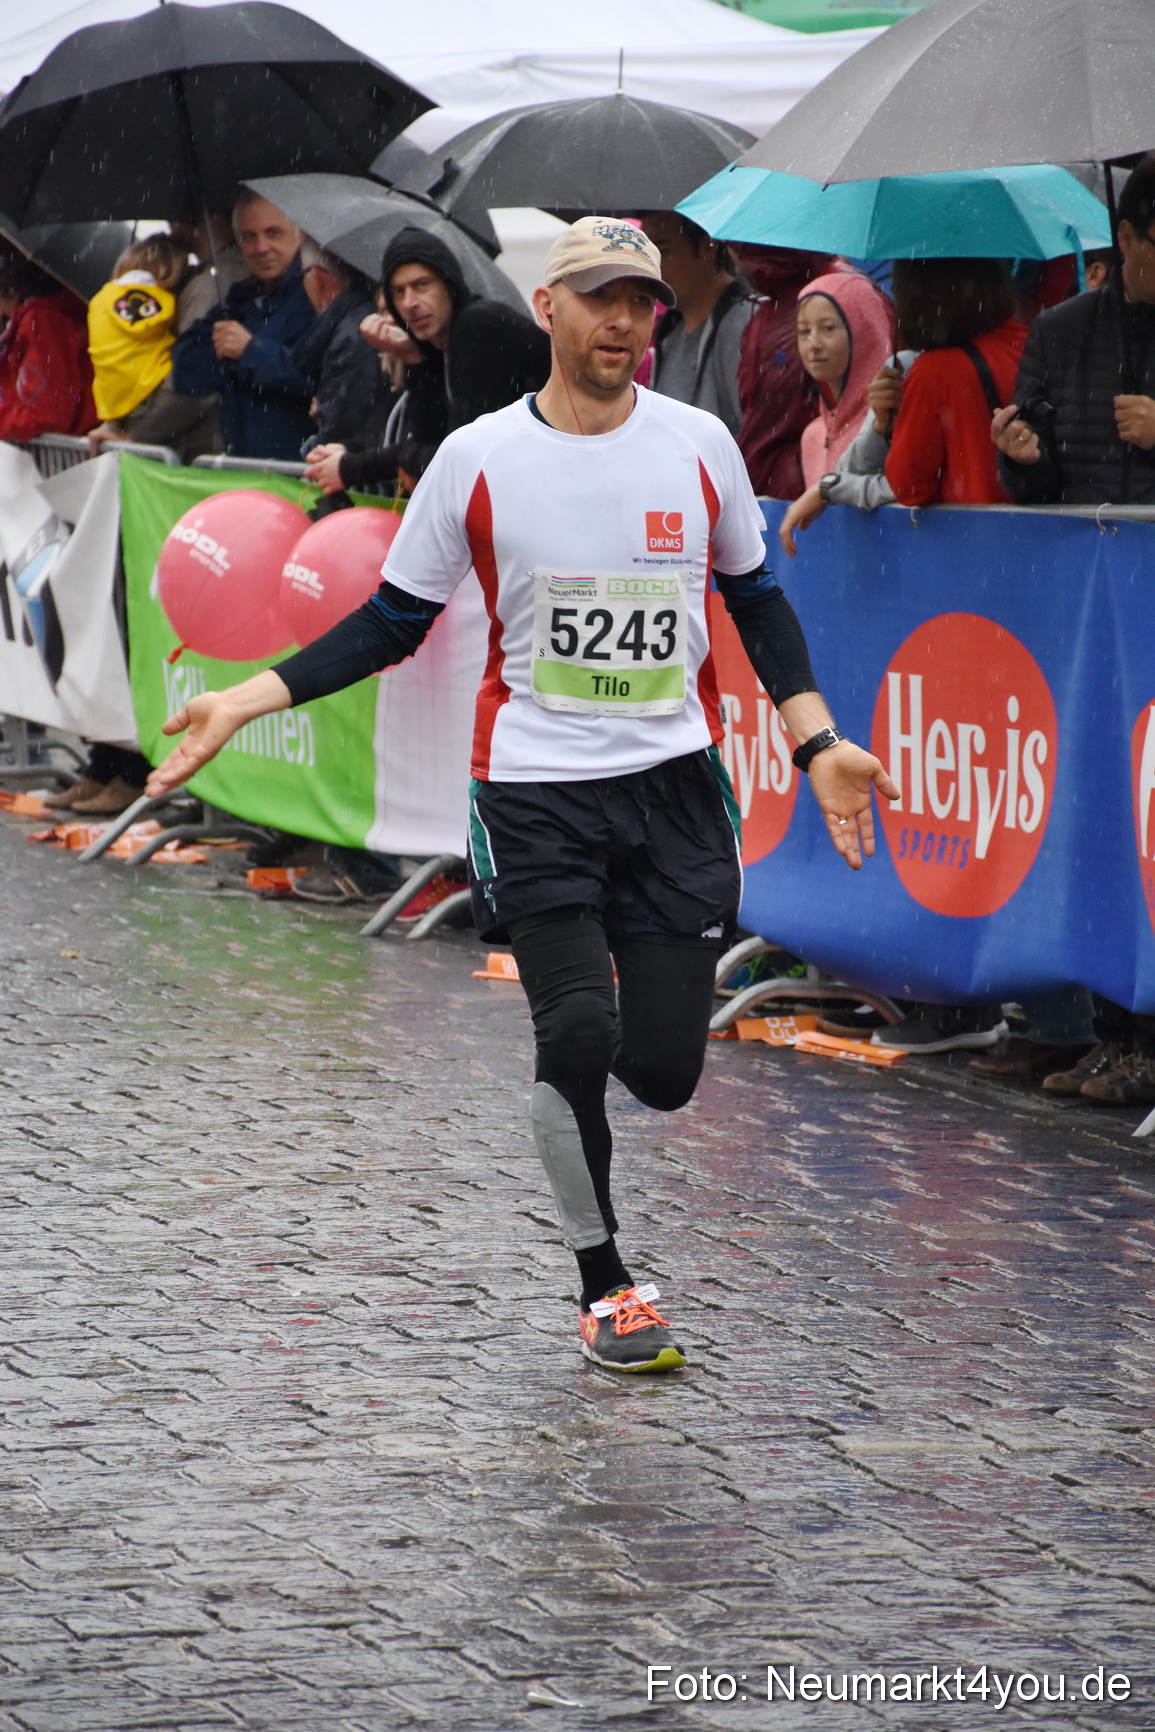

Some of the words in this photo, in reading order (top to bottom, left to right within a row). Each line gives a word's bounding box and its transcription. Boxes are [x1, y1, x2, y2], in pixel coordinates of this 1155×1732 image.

[649, 537, 682, 549] DKMS
[548, 586, 598, 598] NeuerMarkt
[607, 577, 680, 596] BOCK
[550, 607, 677, 660] 5243
[538, 648, 546, 659] S
[591, 675, 630, 697] Tilo
[719, 677, 792, 820] rvis
[887, 671, 1048, 859] Hervis
[898, 827, 971, 869] SPORTS
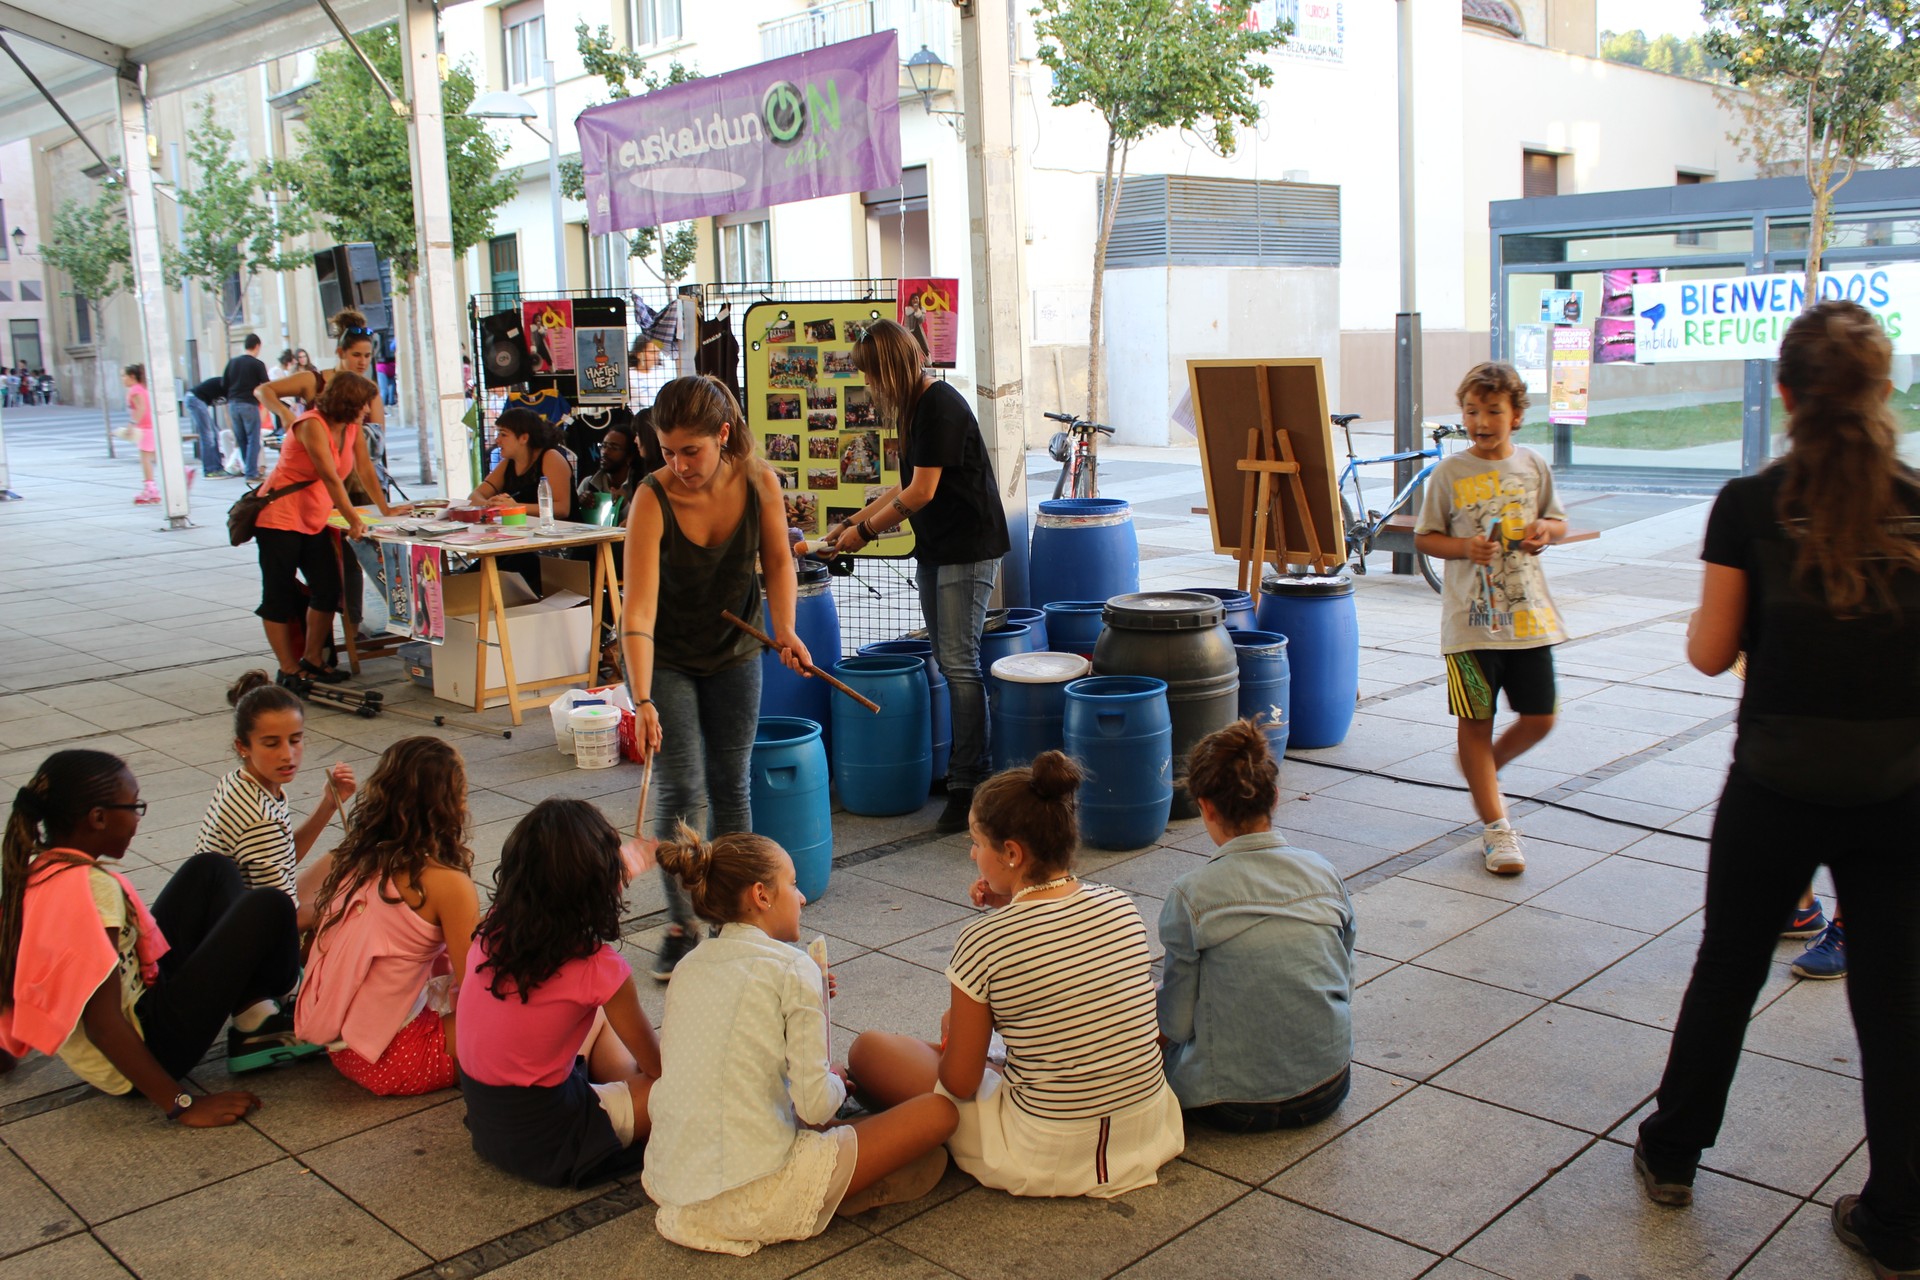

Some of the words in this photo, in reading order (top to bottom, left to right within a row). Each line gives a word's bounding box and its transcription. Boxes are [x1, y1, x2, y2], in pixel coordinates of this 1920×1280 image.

[1684, 312, 1902, 346] REFUGIS
[592, 377, 616, 388] HEZI
[1468, 613, 1513, 627] FRIEDLY

[What this task involves]
What is needed is an exact copy of the records above, with no pictures in it.

[Task solution]
Some of the words in this photo, in reading order (top to bottom, left to right within a row). Each line gives a word's bounding box and its transcription. Boxes are [x1, y1, x2, y2], in pixel coordinates of this 1155×1732 image.

[649, 537, 682, 549] DKMS
[548, 586, 598, 598] NeuerMarkt
[607, 577, 680, 596] BOCK
[550, 607, 677, 660] 5243
[538, 648, 546, 659] S
[591, 675, 630, 697] Tilo
[719, 677, 792, 820] rvis
[887, 671, 1048, 859] Hervis
[898, 827, 971, 869] SPORTS

Some of the words in this photo, in reading order (top to bottom, left to right within a row). Each line gives a word's bounding box and its transcription. Boxes are [x1, y1, x2, y2], in pixel coordinates of this 1920×1280 image.

[1684, 312, 1902, 346] REFUGIS
[592, 377, 616, 388] HEZI
[1468, 613, 1513, 627] FRIEDLY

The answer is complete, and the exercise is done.